Nov 20'23

Exercise

An insurance company has a single liability due in three years. The company fully immunizes its position by purchasing one-year and four-year zero-coupon bonds. The face value of the one- year bond is 20,000 and the face value of the four-year bond is 50,000. Assume that the yield curve is flat.

  • 40,000
  • 55,699
  • 69,624
  • 73,333
  • 97,500

Calculate the amount of the liability.

Copyright 2023 . The Society of Actuaries, Schaumburg, Illinois. Reproduced with permission.

Nov 20'23

Solution: C

Macaulay duration of the liability is 3 . Asset duration must equal 3. Let [math]P_1[/math] and [math]P_4[/math] be the present values of the two assets.

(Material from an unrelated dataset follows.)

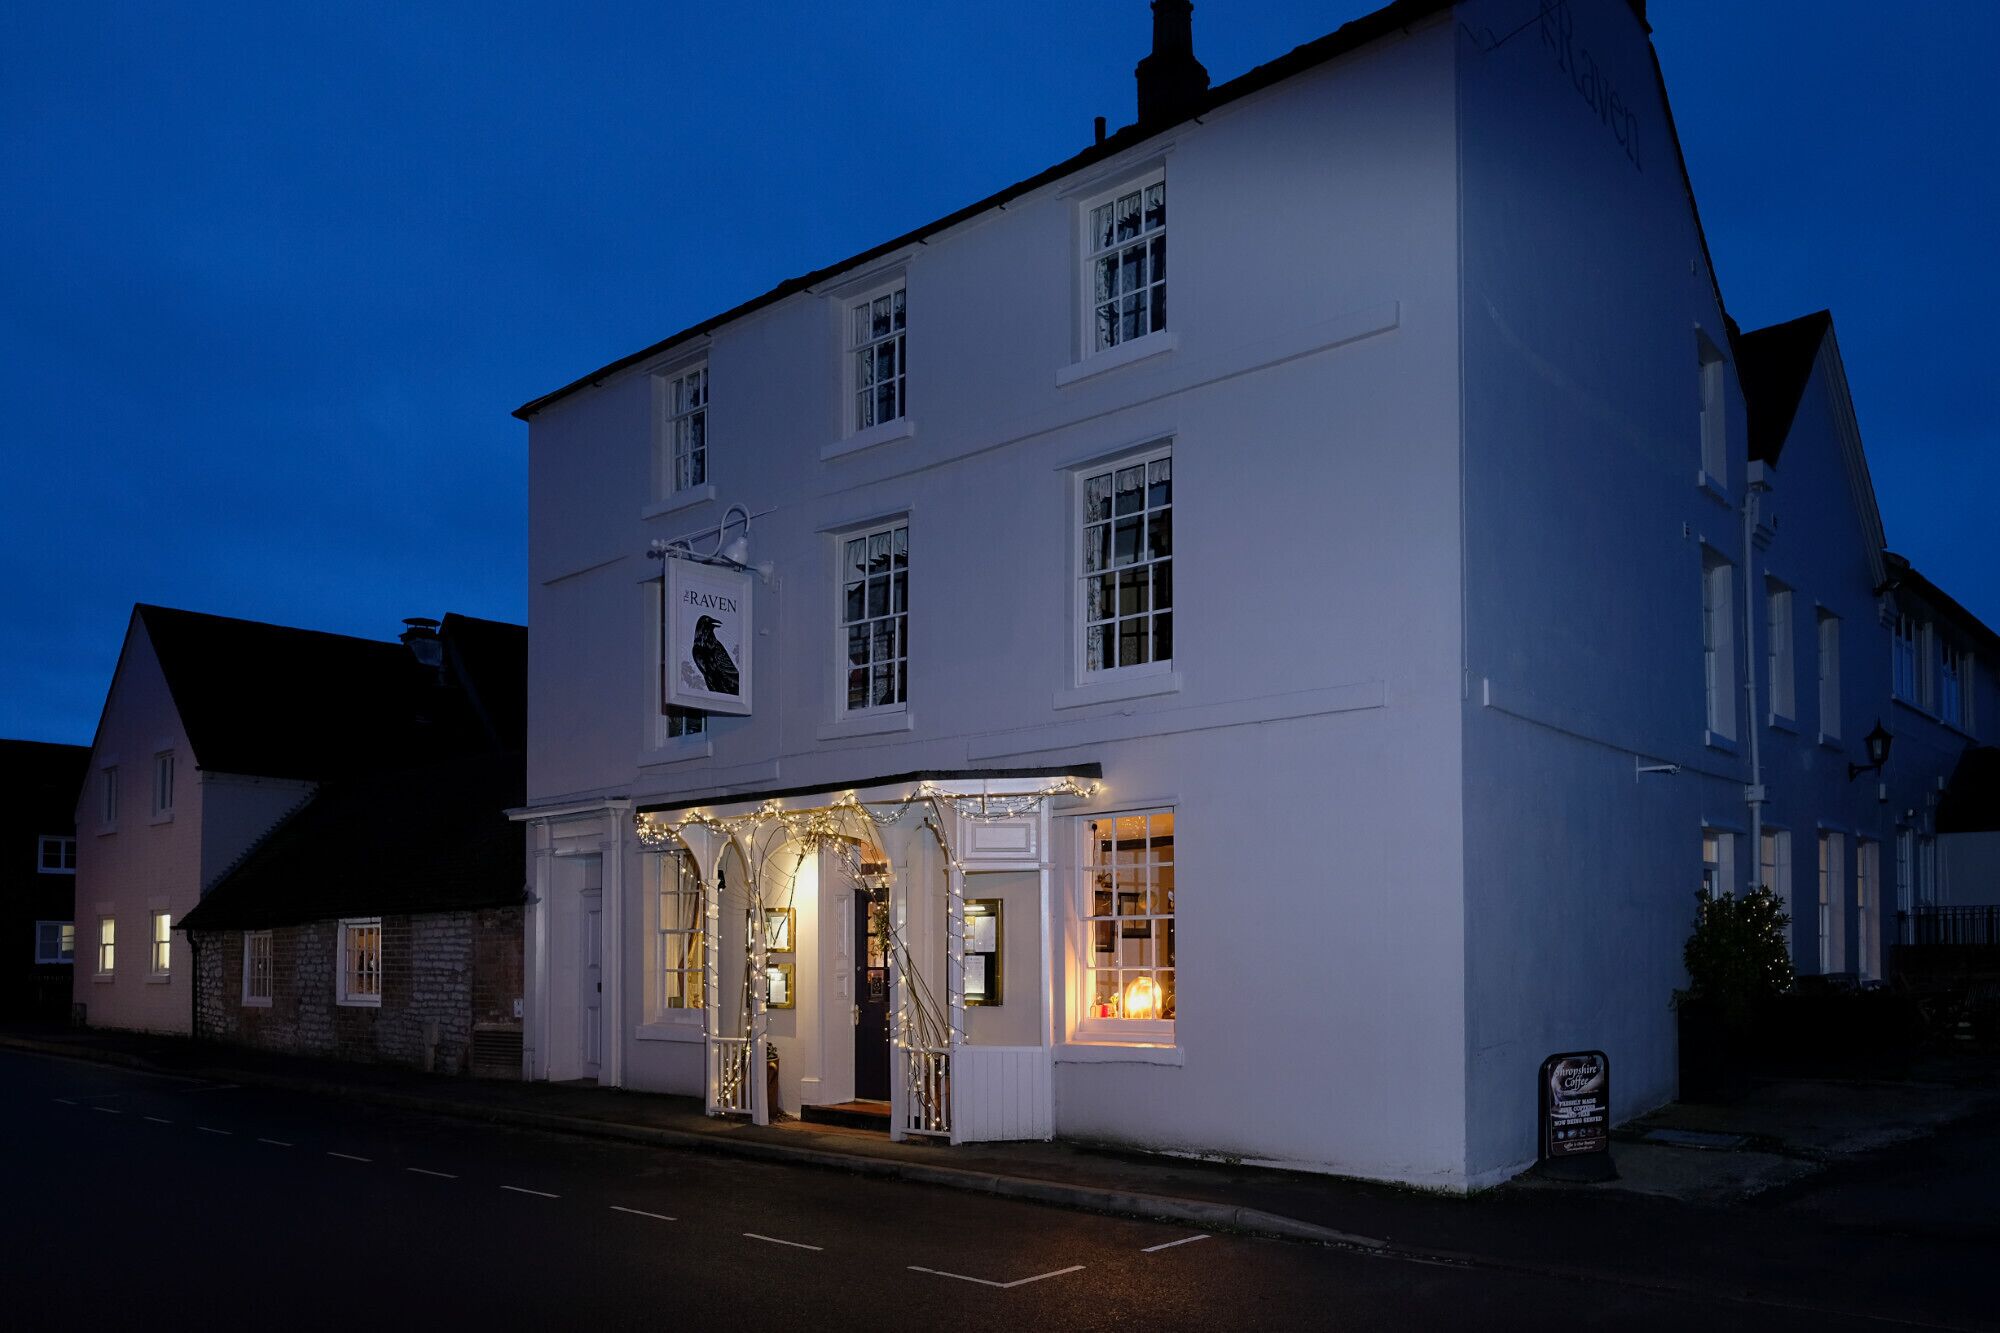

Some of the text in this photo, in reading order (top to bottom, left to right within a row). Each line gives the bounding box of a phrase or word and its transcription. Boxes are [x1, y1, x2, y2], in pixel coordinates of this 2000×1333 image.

[690, 591, 737, 613] RAVEN
[1555, 1064, 1597, 1078] Shropshire
[1565, 1074, 1589, 1091] Coffee

[[math]] \begin{aligned} & \frac{P_1 \cdot 1+P_4 \cdot 4}{P_1+P_4}=3 \text {, then } P_4=2 P_1 \\ & P_1=\frac{20,000}{1+i}, P_4=\frac{50,000}{(1+i)^4}, \frac{P_1}{P_4}=\frac{P_1}{2 P_1}=\frac{1}{2}=\frac{\frac{20,000}{\frac{1+i}{50,000}}}{(1+i)^4}: 1=0.8(1+i)^3: \\ & (1+i)^3=1.25 ;(1+i)=1.077217 \end{aligned} [[/math]]

PV of assets must equal PV of liabilities. So, PV of assets equals:

[[math]] P_1+2 P_1=3 P_1=3 \frac{20,000}{1.077217}=55,699.07 \text {. } [[/math]]

Amount of liability equals: 55,699.07(1.077217) [math]=69,623.83[/math].